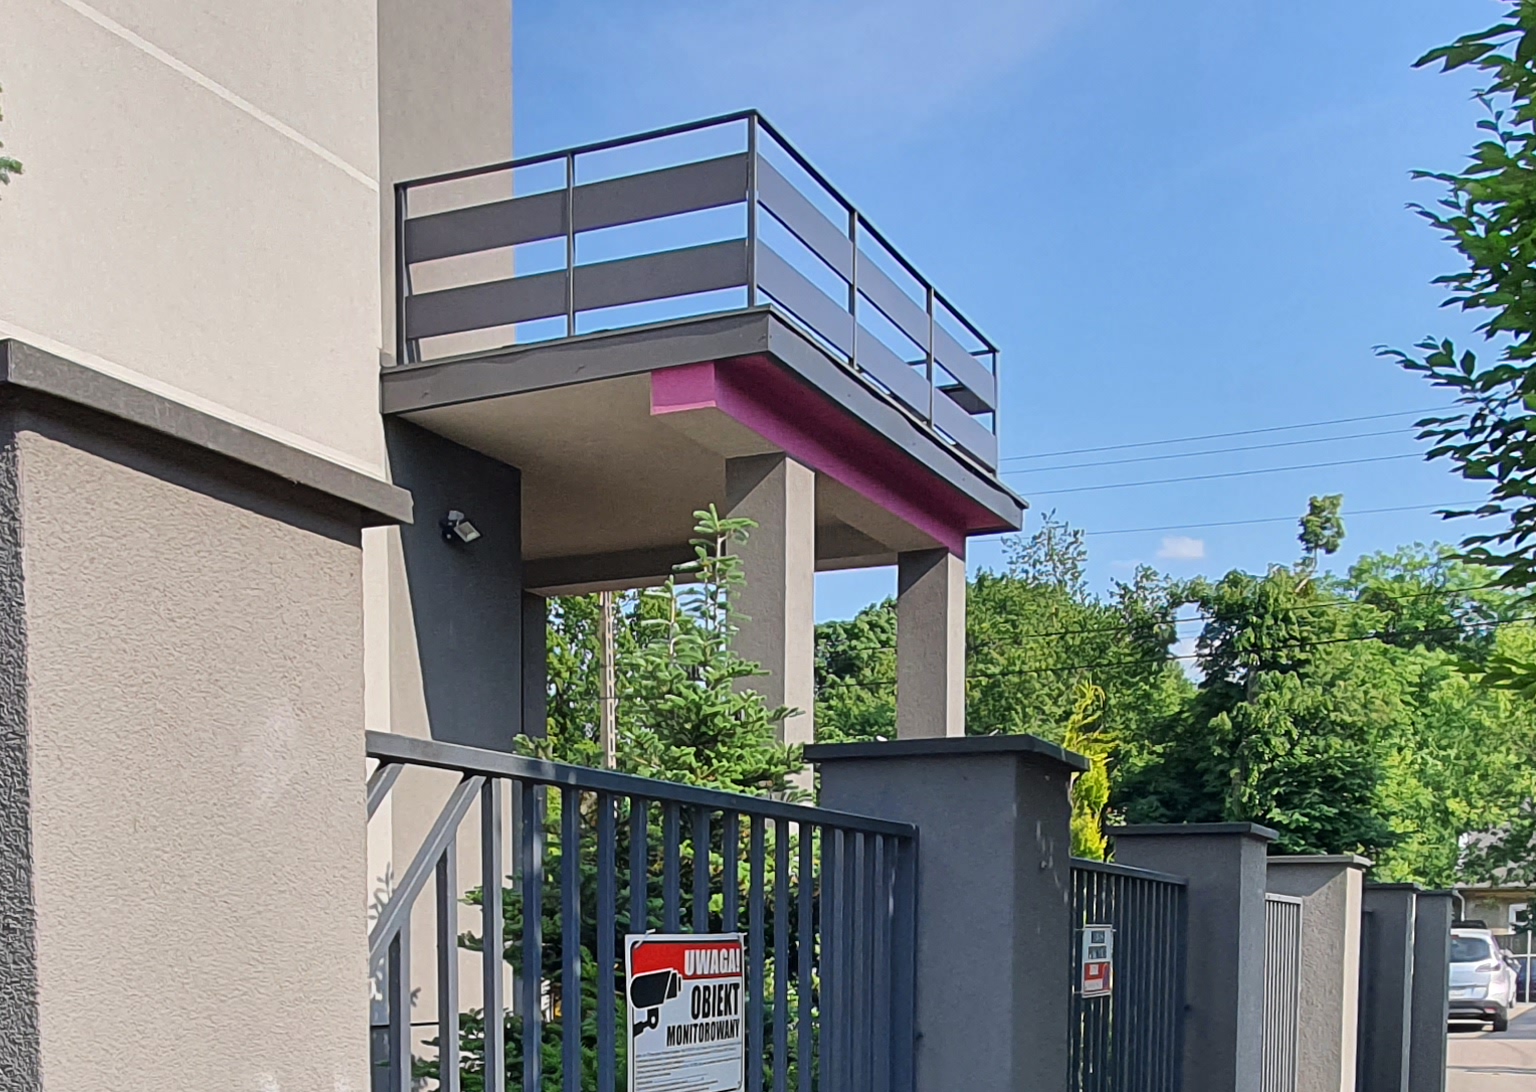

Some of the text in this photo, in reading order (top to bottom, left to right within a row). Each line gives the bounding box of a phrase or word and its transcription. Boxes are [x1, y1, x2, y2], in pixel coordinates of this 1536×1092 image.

[684, 948, 740, 976] UWAGA!
[691, 983, 740, 1020] OBIEKT
[666, 1019, 740, 1047] MONITOROWANY
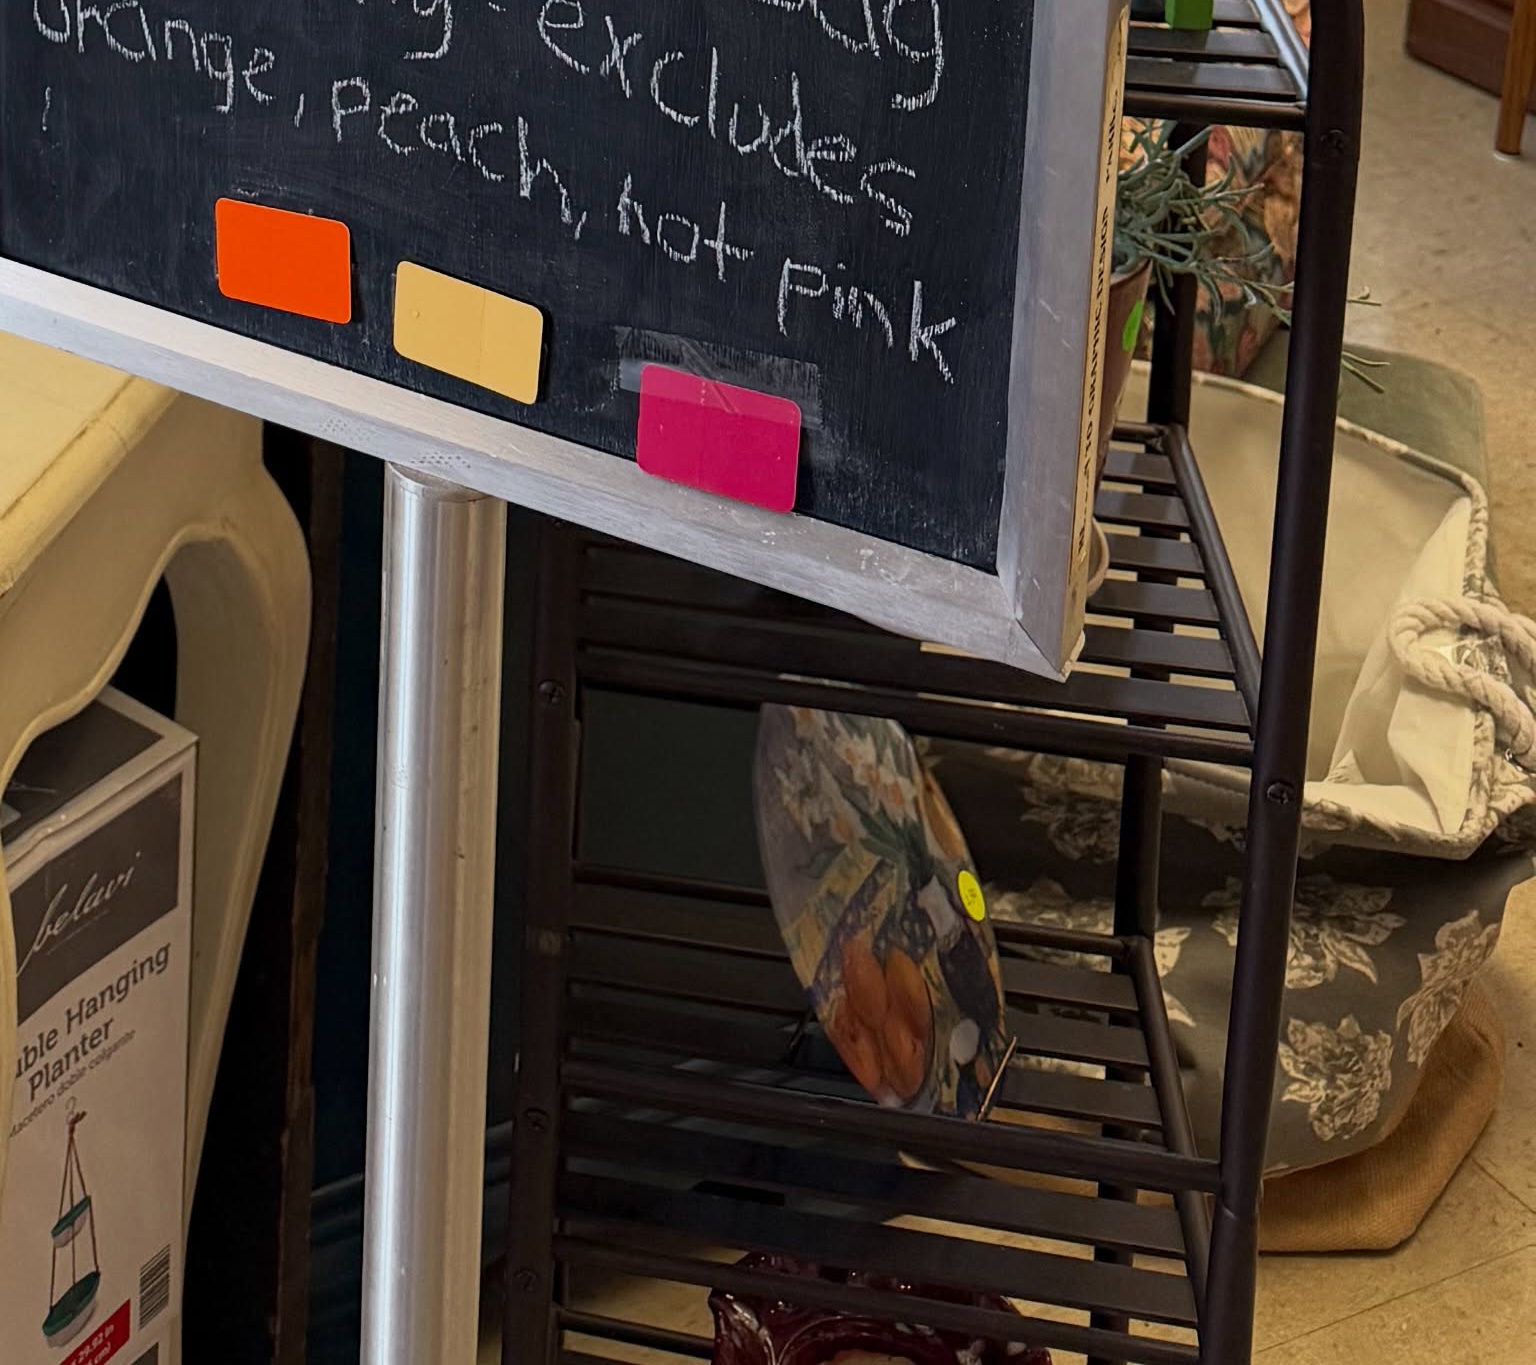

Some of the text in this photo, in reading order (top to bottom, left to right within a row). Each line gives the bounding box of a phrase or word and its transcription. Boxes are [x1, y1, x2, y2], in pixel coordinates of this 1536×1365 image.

[617, 171, 756, 283] hot
[1087, 300, 1103, 417] GRAPHIC
[1096, 205, 1109, 299] DESIGN
[15, 942, 172, 1079] uble Hanging
[28, 1016, 115, 1103] Planter
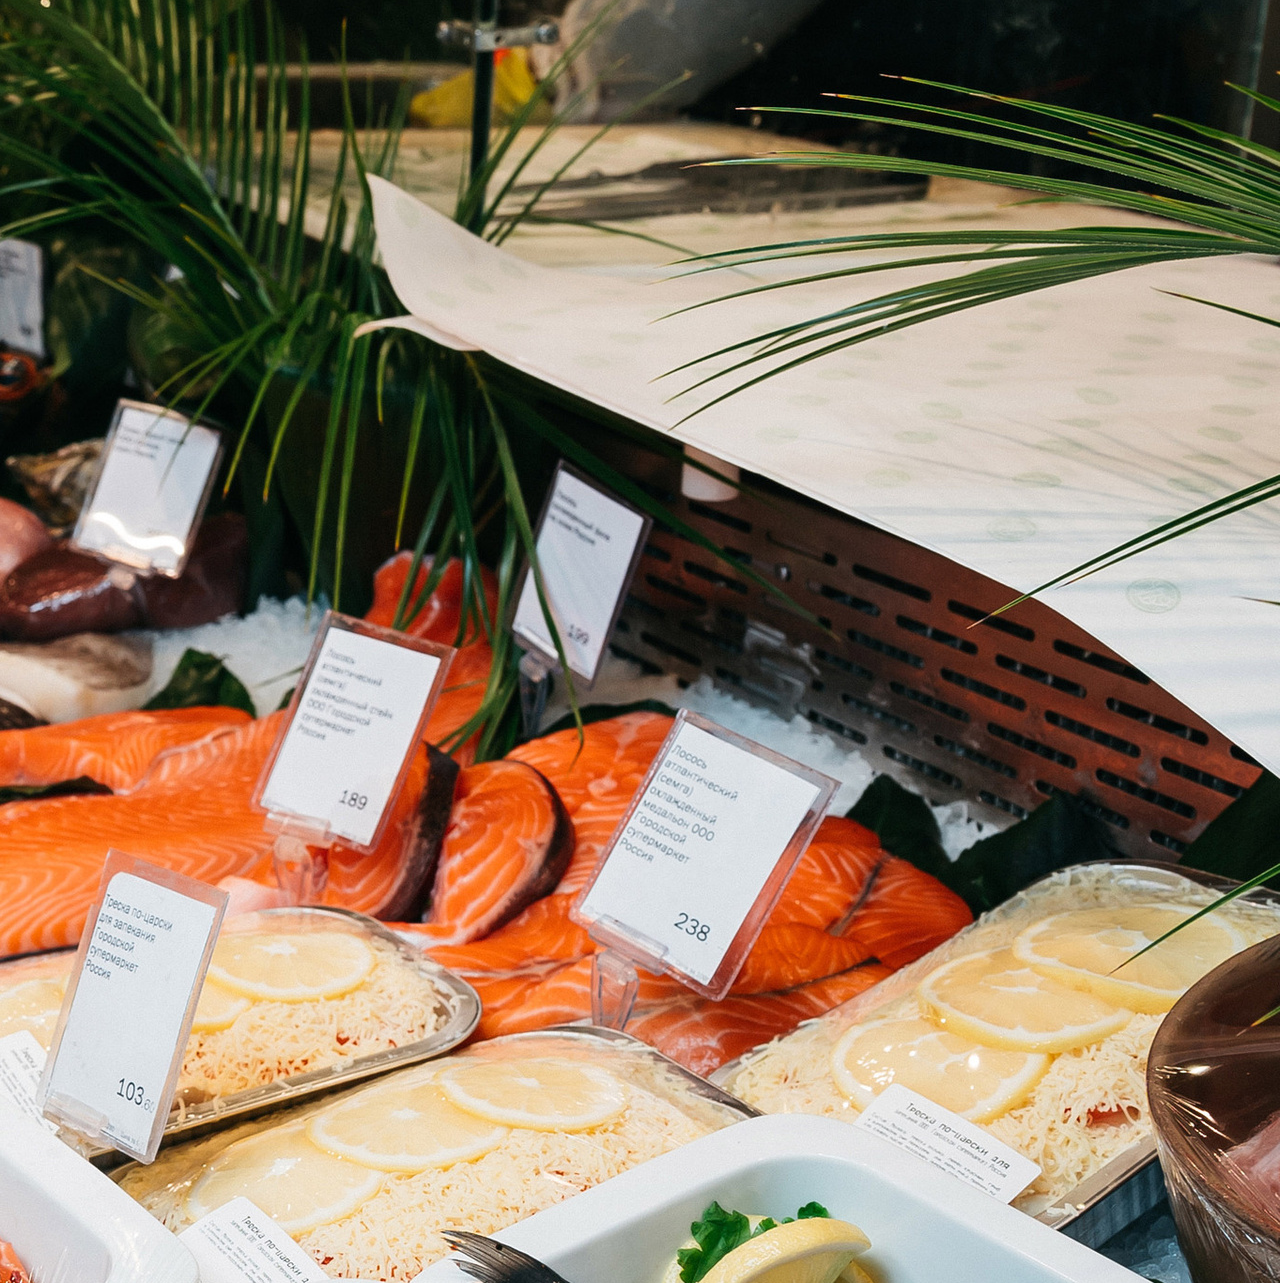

--------------------------------

PROBLEM DESCRIPTION: What you return must match the records line for line, with the pictures left out.

EXERCISE RESPONSE:
Some of the text in this photo, in reading order (top to bottom, left to right within a row). Each line gives the bounding box of a phrase or word and its transcription. Boxes are [x1, y1, x2, y2], in pixel coordinates of this 1536×1092 image.

[684, 948, 740, 976] UWAGA!
[691, 983, 740, 1020] OBIEKT
[666, 1019, 740, 1047] MONITOROWANY

Some of the text in this photo, in reading order (top to bottom, left to right within a row). Each line gives the bounding box of a phrase or word and its transcription. Boxes are [x1, y1, x2, y2], in pixel coordinates of this 1536×1365 image.

[617, 171, 756, 283] hot
[1087, 300, 1103, 417] GRAPHIC
[1096, 205, 1109, 299] DESIGN
[15, 942, 172, 1079] uble Hanging
[28, 1016, 115, 1103] Planter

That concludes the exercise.